(Stored data)
:::::

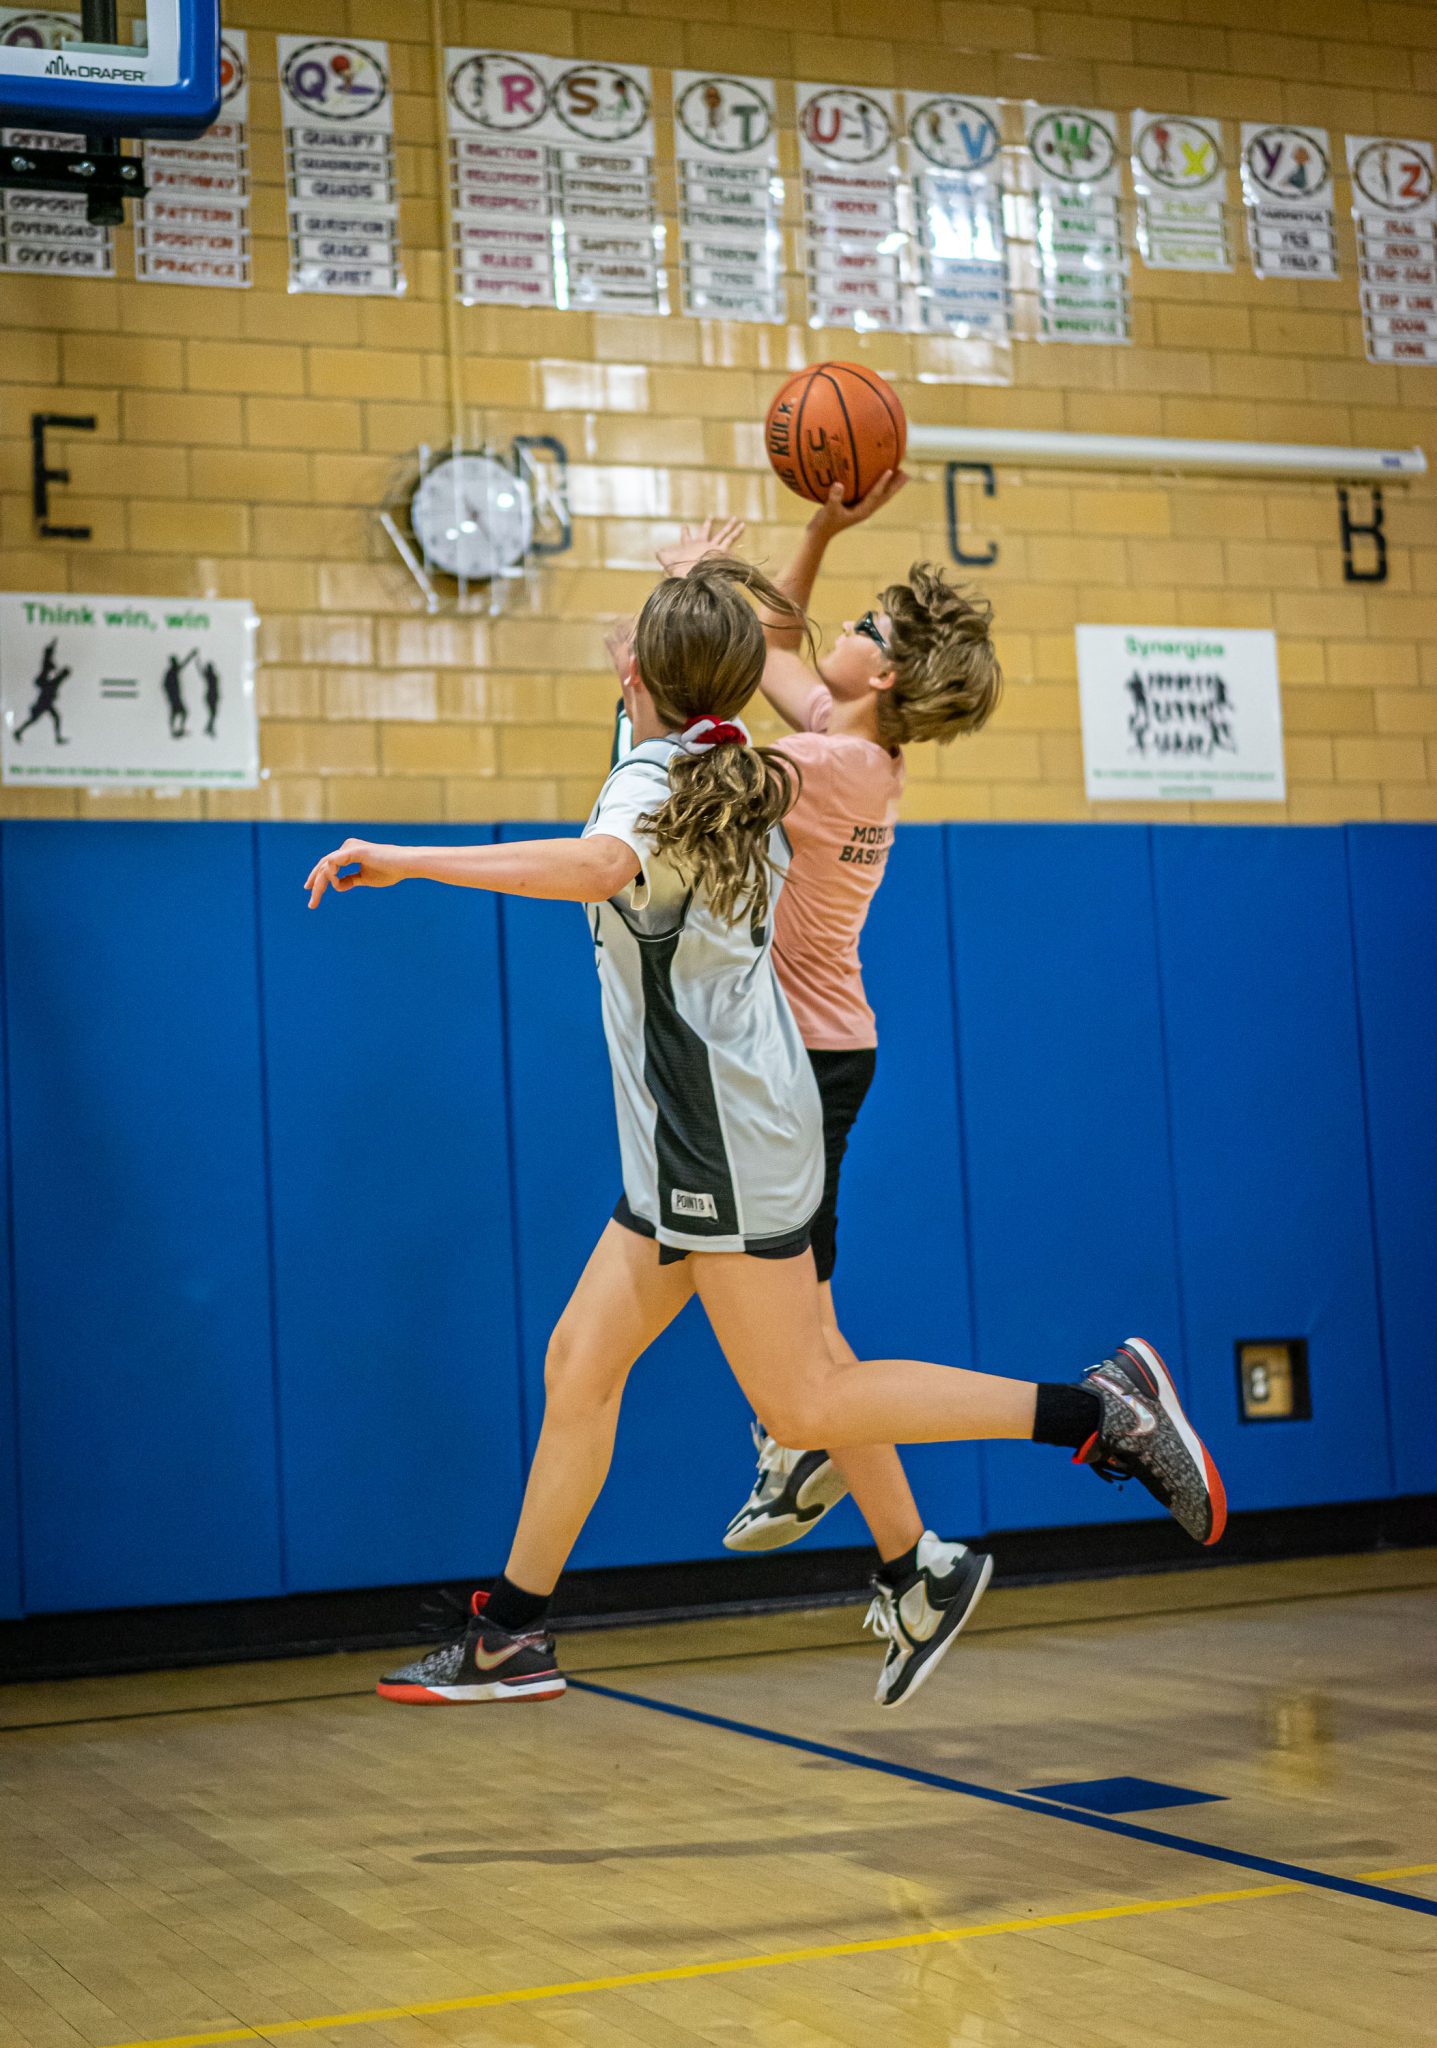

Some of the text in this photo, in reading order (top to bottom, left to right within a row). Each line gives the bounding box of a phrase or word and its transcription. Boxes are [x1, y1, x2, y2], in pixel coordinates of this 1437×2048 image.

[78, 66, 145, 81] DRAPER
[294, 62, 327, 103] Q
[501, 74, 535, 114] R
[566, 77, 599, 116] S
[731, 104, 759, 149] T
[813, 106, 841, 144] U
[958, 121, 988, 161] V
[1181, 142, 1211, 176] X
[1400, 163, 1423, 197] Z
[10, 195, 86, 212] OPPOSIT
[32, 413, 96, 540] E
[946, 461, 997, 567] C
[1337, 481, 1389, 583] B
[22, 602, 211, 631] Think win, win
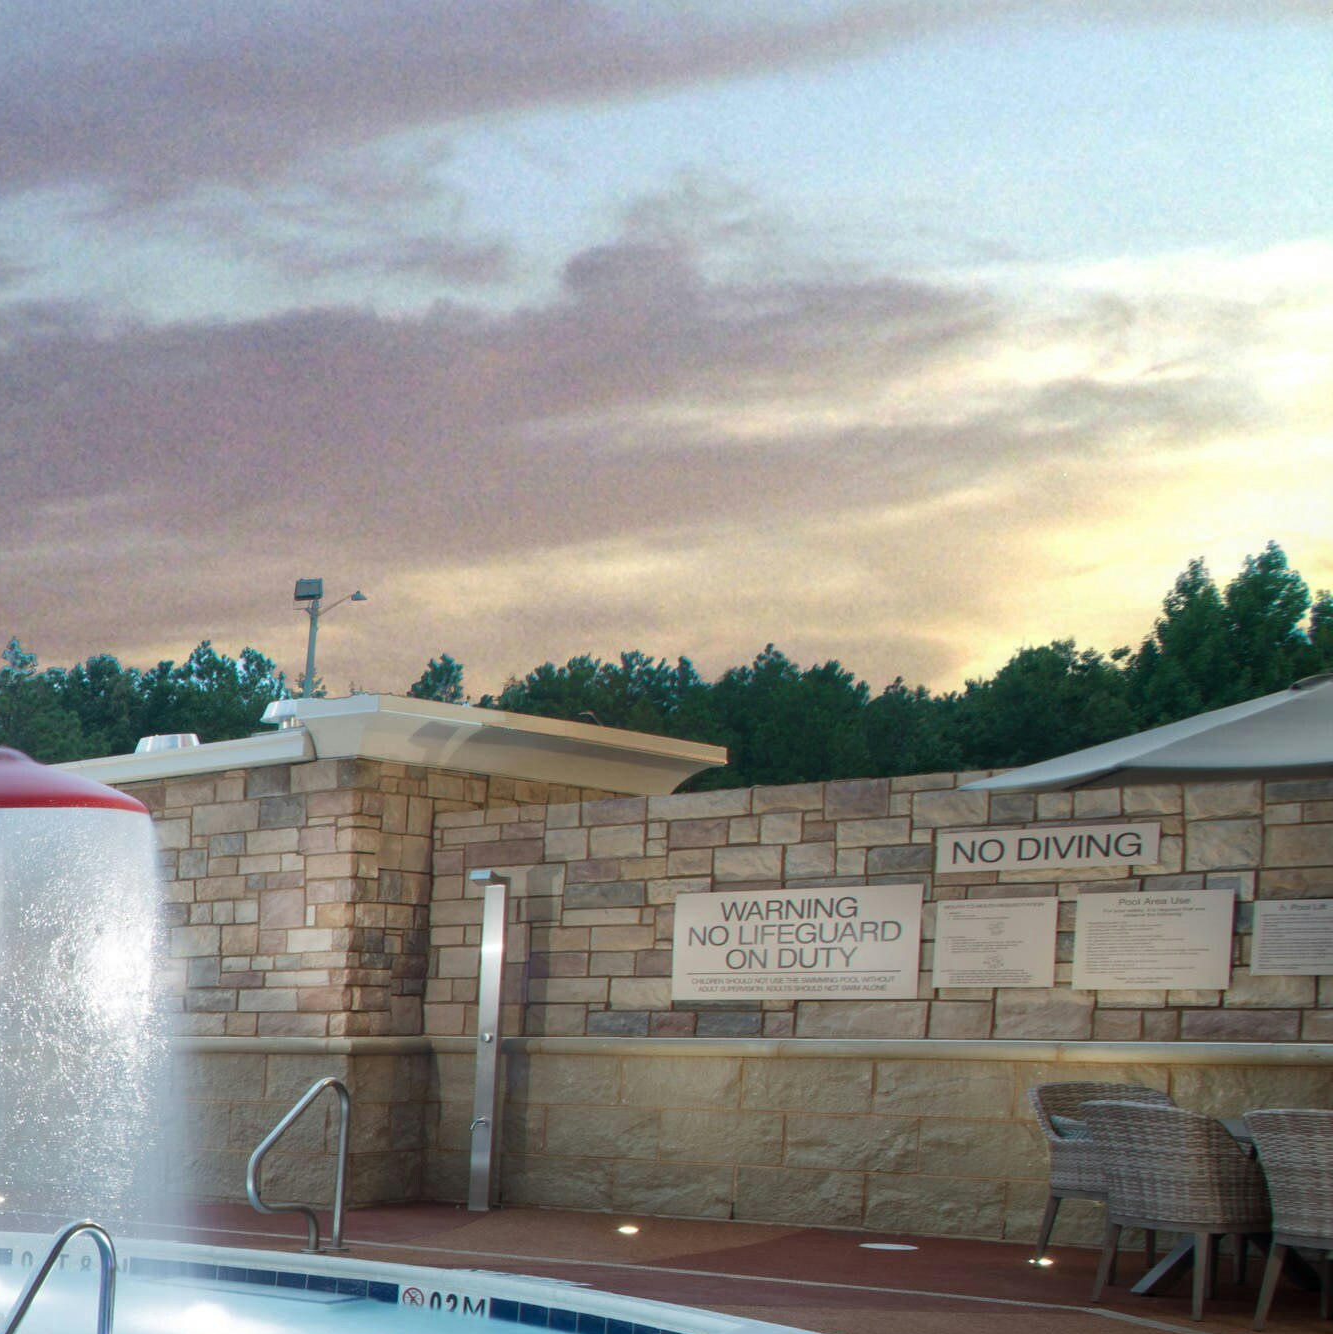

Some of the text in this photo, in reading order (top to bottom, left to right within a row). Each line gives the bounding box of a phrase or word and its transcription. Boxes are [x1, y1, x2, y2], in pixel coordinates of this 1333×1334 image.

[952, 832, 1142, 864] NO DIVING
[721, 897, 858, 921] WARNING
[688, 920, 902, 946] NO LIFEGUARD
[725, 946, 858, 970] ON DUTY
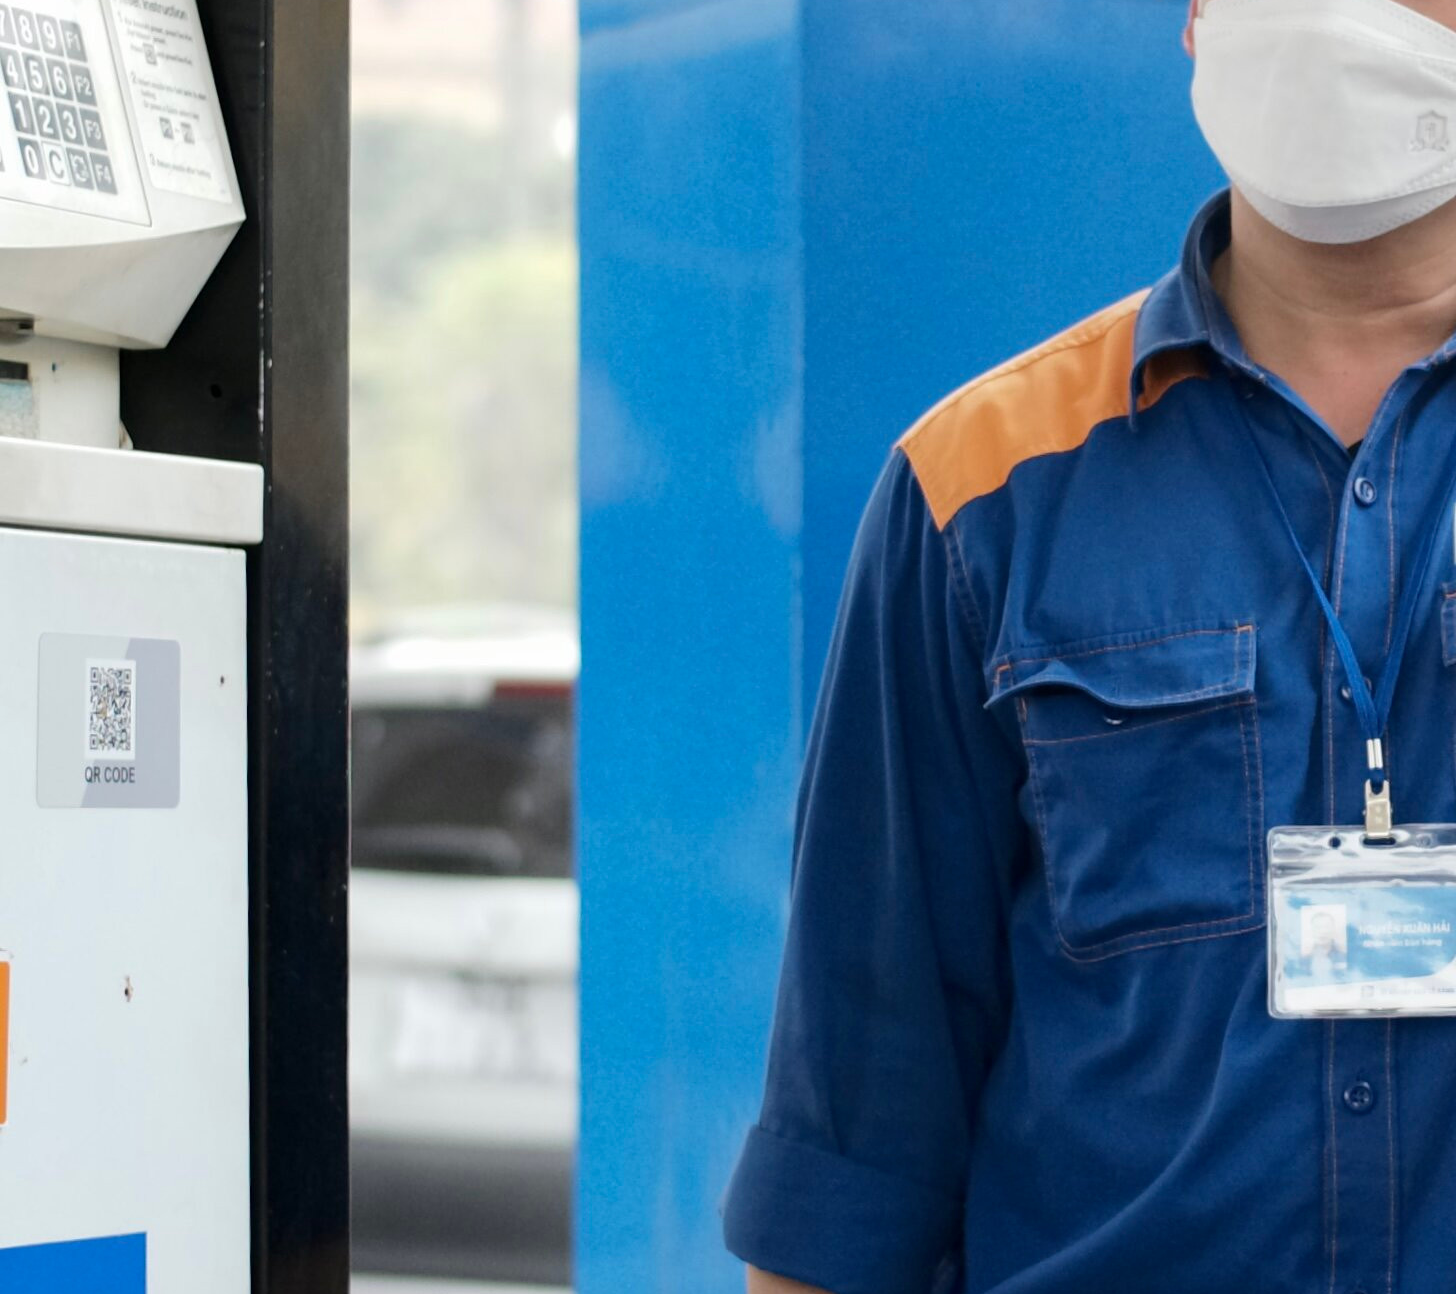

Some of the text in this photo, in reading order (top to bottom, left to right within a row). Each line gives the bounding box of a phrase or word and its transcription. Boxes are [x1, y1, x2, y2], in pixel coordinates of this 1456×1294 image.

:::::

When you repeat the data, keep it exact and drop every picture.

Some of the text in this photo, in reading order (top to bottom, left to right within a row). Each line gives the bounding box of a phrase or word and its transcription. Boxes are [x1, y1, x2, y2], in pixel coordinates of this 1437×2048 image.

[78, 66, 145, 81] DRAPER
[294, 62, 327, 103] Q
[501, 74, 535, 114] R
[566, 77, 599, 116] S
[731, 104, 759, 149] T
[813, 106, 841, 144] U
[958, 121, 988, 161] V
[1181, 142, 1211, 176] X
[1400, 163, 1423, 197] Z
[10, 195, 86, 212] OPPOSIT
[32, 413, 96, 540] E
[946, 461, 997, 567] C
[1337, 481, 1389, 583] B
[22, 602, 211, 631] Think win, win

Some of the text in this photo, in reading order (top to bottom, left to right within a row). Each line gives the bounding box of a phrase or word and its transcription. Boxes are [x1, y1, x2, y2], in pixel coordinates of this 1333×1334 image.

[952, 832, 1142, 864] NO DIVING
[721, 897, 858, 921] WARNING
[688, 920, 902, 946] NO LIFEGUARD
[725, 946, 858, 970] ON DUTY

Some of the text in this photo, in reading order (top to bottom, left to right within a row). Each line gives the bounding box of a phrase or word and its transcription. Boxes are [x1, y1, x2, y2], in pixel coordinates of this 1456×1294 image.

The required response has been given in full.